Belo-kiu-kiuni, sa maman. Ce monument vivant est là, tout près de lui, comme autrefois. Sauf qu'elle est humidifiée et caressée par une vingtaine de jeunes ouvrières serviles, alors que jadis c'était lui, le 327e, qui la soignait de ses petites pattes encore malhabiles. La jeune plante Carnivore claque des mâchoires et Mère émet une petite plainte odorante, On ne savait pas d'où lui venait cette passion pour les fauves végétaux.
327e approche. Vue de près, Mère n'est pas très belle. Elle a le crâne allongé vers l'avant, garni de deux énormes yeux globuleux qui semblent regarder partout à la fois. Ses ocelles infrarouges sont resserrés au milieu du front. Ses antennes, en revanche, sont plantées de manière exagérément écartées. Elles sont très longues, très légères et vibrent par à-coups brefs qu'on devine parfaitement maîtrisés. Cela fait plusieurs jours que Belo-kiu-kiuni a quitté le grand sommeil et, depuis, elle n'a cessé de pondre.

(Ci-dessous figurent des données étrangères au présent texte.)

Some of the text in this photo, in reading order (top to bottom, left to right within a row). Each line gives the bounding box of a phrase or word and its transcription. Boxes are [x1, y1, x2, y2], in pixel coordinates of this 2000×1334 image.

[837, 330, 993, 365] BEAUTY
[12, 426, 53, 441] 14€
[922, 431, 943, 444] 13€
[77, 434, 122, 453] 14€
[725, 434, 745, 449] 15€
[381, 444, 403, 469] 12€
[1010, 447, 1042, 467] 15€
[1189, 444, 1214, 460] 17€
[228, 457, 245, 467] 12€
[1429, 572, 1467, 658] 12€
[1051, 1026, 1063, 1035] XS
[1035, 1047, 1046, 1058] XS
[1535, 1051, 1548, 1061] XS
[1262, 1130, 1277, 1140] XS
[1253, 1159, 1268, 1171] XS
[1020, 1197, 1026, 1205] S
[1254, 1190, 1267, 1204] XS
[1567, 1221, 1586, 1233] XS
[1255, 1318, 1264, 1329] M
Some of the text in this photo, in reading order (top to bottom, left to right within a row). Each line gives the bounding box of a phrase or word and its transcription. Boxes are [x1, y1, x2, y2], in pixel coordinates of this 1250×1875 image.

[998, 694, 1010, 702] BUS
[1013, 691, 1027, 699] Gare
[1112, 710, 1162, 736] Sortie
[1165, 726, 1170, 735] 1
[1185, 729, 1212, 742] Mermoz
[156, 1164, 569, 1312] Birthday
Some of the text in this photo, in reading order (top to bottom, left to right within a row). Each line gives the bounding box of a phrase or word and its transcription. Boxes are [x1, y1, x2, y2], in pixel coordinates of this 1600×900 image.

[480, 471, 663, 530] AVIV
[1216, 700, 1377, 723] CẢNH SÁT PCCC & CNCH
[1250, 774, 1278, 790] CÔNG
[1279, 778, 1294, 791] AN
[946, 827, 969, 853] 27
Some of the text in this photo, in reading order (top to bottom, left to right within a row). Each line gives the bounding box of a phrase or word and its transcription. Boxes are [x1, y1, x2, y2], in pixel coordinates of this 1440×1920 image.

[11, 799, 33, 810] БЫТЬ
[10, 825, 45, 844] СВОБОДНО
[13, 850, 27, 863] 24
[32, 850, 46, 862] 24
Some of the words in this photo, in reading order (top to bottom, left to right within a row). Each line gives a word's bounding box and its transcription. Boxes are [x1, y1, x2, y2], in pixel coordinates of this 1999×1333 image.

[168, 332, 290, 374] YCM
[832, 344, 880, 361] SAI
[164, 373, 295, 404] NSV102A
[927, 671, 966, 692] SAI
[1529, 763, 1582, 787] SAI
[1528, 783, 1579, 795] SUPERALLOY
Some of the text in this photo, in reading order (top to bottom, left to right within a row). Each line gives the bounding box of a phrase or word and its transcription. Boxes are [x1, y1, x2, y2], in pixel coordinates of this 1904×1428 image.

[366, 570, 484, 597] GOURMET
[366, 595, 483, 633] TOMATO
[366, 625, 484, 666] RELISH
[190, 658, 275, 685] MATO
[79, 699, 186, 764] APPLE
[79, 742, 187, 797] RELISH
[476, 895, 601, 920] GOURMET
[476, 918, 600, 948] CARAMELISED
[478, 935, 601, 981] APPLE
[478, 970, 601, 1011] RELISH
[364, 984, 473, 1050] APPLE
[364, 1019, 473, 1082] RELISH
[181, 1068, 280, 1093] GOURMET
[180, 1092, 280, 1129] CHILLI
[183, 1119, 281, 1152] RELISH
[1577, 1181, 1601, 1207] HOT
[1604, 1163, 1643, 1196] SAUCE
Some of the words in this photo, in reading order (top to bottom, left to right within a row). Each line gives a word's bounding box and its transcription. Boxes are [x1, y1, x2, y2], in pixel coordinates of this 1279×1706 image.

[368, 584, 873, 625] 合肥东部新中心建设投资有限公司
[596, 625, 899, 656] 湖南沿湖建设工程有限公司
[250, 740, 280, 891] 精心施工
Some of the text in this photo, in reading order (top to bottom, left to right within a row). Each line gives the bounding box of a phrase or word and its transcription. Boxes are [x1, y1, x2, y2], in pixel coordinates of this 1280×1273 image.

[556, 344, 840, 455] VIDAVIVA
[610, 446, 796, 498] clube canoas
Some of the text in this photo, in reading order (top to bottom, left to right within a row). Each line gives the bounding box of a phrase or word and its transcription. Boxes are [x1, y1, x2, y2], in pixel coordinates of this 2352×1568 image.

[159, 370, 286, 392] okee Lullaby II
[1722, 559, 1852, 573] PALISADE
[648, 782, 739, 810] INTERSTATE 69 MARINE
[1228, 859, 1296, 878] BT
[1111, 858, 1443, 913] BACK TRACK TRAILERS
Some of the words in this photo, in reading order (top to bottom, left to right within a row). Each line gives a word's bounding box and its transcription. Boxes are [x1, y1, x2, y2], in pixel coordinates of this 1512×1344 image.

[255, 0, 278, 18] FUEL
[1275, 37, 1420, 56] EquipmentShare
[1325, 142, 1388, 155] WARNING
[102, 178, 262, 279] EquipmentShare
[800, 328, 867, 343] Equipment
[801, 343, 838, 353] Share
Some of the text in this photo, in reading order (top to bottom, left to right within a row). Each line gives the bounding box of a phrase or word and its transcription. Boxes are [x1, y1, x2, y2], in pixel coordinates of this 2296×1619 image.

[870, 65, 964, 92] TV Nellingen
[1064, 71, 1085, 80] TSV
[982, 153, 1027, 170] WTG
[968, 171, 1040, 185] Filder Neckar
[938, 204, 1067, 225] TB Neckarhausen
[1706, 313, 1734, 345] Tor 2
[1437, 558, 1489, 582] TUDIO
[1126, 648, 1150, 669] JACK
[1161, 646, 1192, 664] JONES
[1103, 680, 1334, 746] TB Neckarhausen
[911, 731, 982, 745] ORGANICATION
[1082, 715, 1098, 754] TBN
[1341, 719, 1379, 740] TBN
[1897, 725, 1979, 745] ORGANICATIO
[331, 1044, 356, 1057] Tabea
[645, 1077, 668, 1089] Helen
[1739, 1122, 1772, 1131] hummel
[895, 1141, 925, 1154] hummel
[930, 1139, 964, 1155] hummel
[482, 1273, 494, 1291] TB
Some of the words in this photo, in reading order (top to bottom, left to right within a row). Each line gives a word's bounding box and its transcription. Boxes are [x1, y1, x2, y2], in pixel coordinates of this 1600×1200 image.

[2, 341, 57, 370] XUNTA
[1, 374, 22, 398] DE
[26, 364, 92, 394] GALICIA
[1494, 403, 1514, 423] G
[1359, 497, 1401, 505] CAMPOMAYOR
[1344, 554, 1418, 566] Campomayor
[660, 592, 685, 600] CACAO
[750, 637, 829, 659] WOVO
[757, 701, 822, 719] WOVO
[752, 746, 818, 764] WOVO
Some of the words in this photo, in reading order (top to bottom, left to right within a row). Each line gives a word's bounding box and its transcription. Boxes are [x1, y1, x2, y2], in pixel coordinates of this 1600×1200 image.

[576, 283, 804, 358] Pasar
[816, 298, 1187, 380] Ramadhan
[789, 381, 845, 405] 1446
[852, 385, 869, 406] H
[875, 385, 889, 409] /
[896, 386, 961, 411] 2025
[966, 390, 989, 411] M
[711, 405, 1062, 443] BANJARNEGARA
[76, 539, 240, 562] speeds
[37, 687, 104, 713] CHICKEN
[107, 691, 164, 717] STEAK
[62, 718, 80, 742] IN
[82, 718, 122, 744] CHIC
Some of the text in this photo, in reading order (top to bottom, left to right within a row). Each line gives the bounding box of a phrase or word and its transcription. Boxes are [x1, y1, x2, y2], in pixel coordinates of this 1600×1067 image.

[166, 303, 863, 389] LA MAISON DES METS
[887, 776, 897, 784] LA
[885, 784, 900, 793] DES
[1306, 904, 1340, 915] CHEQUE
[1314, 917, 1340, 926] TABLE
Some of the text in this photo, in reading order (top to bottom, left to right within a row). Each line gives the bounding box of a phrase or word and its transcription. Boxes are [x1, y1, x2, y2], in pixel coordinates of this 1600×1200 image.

Son abdomen, dix fois plus volumineux que la normale, est parcouru de spasmes continus. A l'instant même, elle lâche huit œufs maigrichons, gris clair aux reflets nacrés, la dernière génération de Belokaniens. Le futur tout rond et tout gluant s'échappe de ses entrailles pour rouler dans la pièce, immédiatement pris en charge par des nourrices.
Le jeune mâle reconnaît l'odeur de ces œufs. Ce sont des soldâtes stériles et des mâles. Il fait encore froid, et a glande à produire des «filles» ne s'est pas encore activée. Dès que la météo le permettra Mère pondra de chaque caste selon les besoins exacts de la Cité. Des ouvrières viendront lui dire que «ça manque de broyeuses de céréales ou d'artilleuses», et elle fournira à la demande. Il arrive aussi que Belo-kiu-kiuni sorte de sa loge et aille humer les couloirs. Elle a l'antenne assez fine pour détecter le moindre déficit au sein de elle ou telle caste. Elle complète sur-le-champ les effectifs. Mère accouche encore de cinq chétives unités, puis se tourne vers son visiteur. Elle le touche et le lèche.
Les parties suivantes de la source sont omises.